— Provided material —

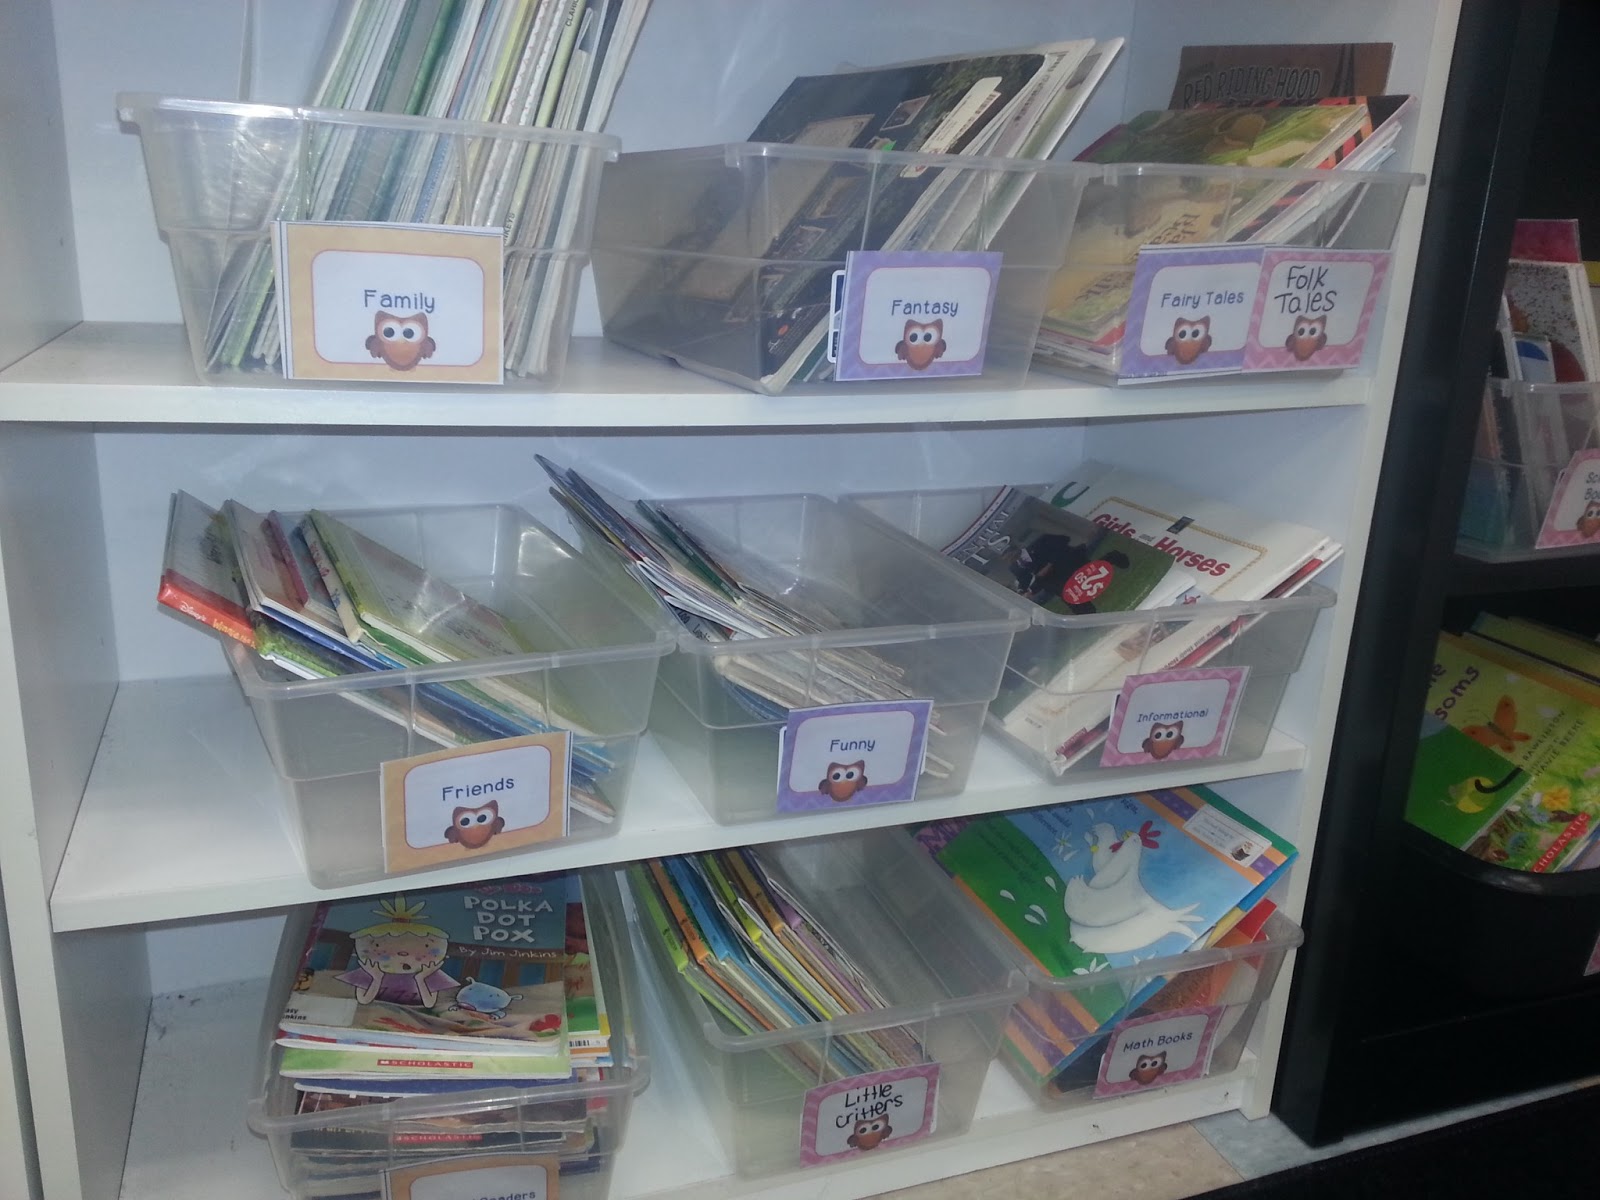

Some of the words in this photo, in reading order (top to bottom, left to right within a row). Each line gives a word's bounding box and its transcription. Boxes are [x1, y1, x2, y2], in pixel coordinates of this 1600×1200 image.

[1216, 64, 1274, 99] RIDING
[1273, 66, 1322, 99] HOOD
[1286, 265, 1328, 291] Folk
[363, 289, 435, 314] Family
[891, 299, 959, 318] Fantasy
[1160, 292, 1200, 309] Fairy
[1206, 291, 1245, 305] Tales
[1274, 290, 1338, 314] Tales
[1153, 536, 1231, 577] Horses
[1137, 708, 1209, 723] Informational
[829, 739, 876, 753] Funny
[442, 777, 515, 801] Friends
[1533, 813, 1588, 873] CHOLASTIC
[463, 895, 553, 913] POLKA
[477, 911, 536, 927] DOT
[472, 925, 535, 943] POX
[459, 946, 477, 956] By
[481, 947, 506, 957] Jim
[509, 949, 557, 959] Jinkins
[1123, 1037, 1154, 1053] Math
[1157, 1031, 1193, 1046] Books
[390, 1060, 472, 1068] SCHOLASTIC
[844, 1083, 893, 1108] Little
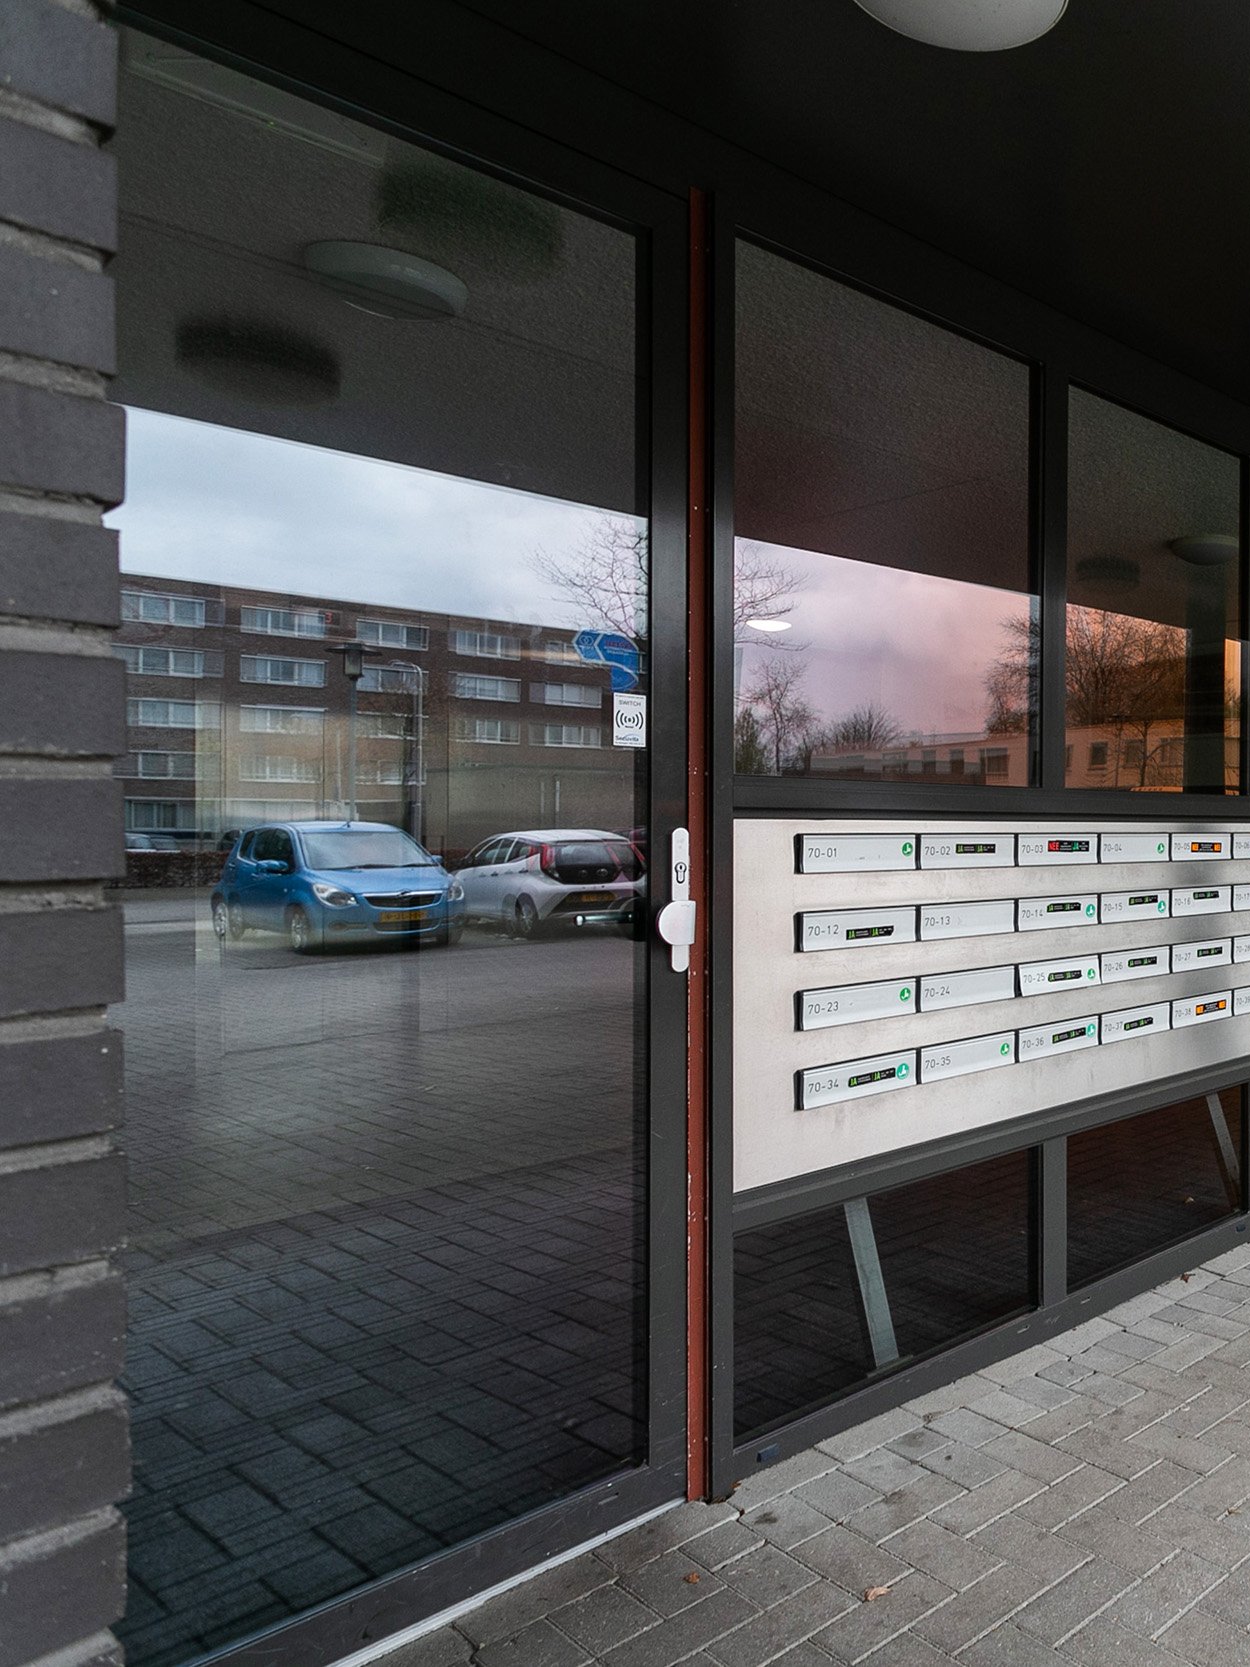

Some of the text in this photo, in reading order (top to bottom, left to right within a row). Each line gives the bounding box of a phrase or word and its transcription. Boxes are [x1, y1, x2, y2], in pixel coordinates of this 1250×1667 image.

[925, 846, 951, 856] 70-02
[1022, 844, 1043, 854] 70-03
[1049, 841, 1059, 851] NEE
[808, 848, 837, 858] 70-01
[1104, 903, 1123, 911] 70-15
[1174, 898, 1191, 906] 70-16
[1022, 909, 1043, 918] 70-14
[925, 916, 951, 927] 70-13
[808, 925, 839, 936] 70-12
[1174, 952, 1191, 961] 70-27
[1104, 962, 1123, 972] 70-26
[1023, 973, 1046, 983] 70-25
[924, 987, 950, 998] 70-24
[808, 1002, 839, 1014] 70-23
[1104, 1022, 1123, 1032] 70-37
[1022, 1038, 1045, 1049] 70-36
[925, 1056, 951, 1069] 70-35
[808, 1079, 839, 1093] 70-34

— What to work on —
Reproduce, with no other lines, the run of lines that begins with the one containing "Some of the text" and ends with the last line of the material.

— Task response —
Some of the text in this photo, in reading order (top to bottom, left to right within a row). Each line gives the bounding box of a phrase or word and its transcription. Boxes are [x1, y1, x2, y2], in pixel coordinates of this 1250×1667 image.

[925, 846, 951, 856] 70-02
[1022, 844, 1043, 854] 70-03
[1049, 841, 1059, 851] NEE
[808, 848, 837, 858] 70-01
[1104, 903, 1123, 911] 70-15
[1174, 898, 1191, 906] 70-16
[1022, 909, 1043, 918] 70-14
[925, 916, 951, 927] 70-13
[808, 925, 839, 936] 70-12
[1174, 952, 1191, 961] 70-27
[1104, 962, 1123, 972] 70-26
[1023, 973, 1046, 983] 70-25
[924, 987, 950, 998] 70-24
[808, 1002, 839, 1014] 70-23
[1104, 1022, 1123, 1032] 70-37
[1022, 1038, 1045, 1049] 70-36
[925, 1056, 951, 1069] 70-35
[808, 1079, 839, 1093] 70-34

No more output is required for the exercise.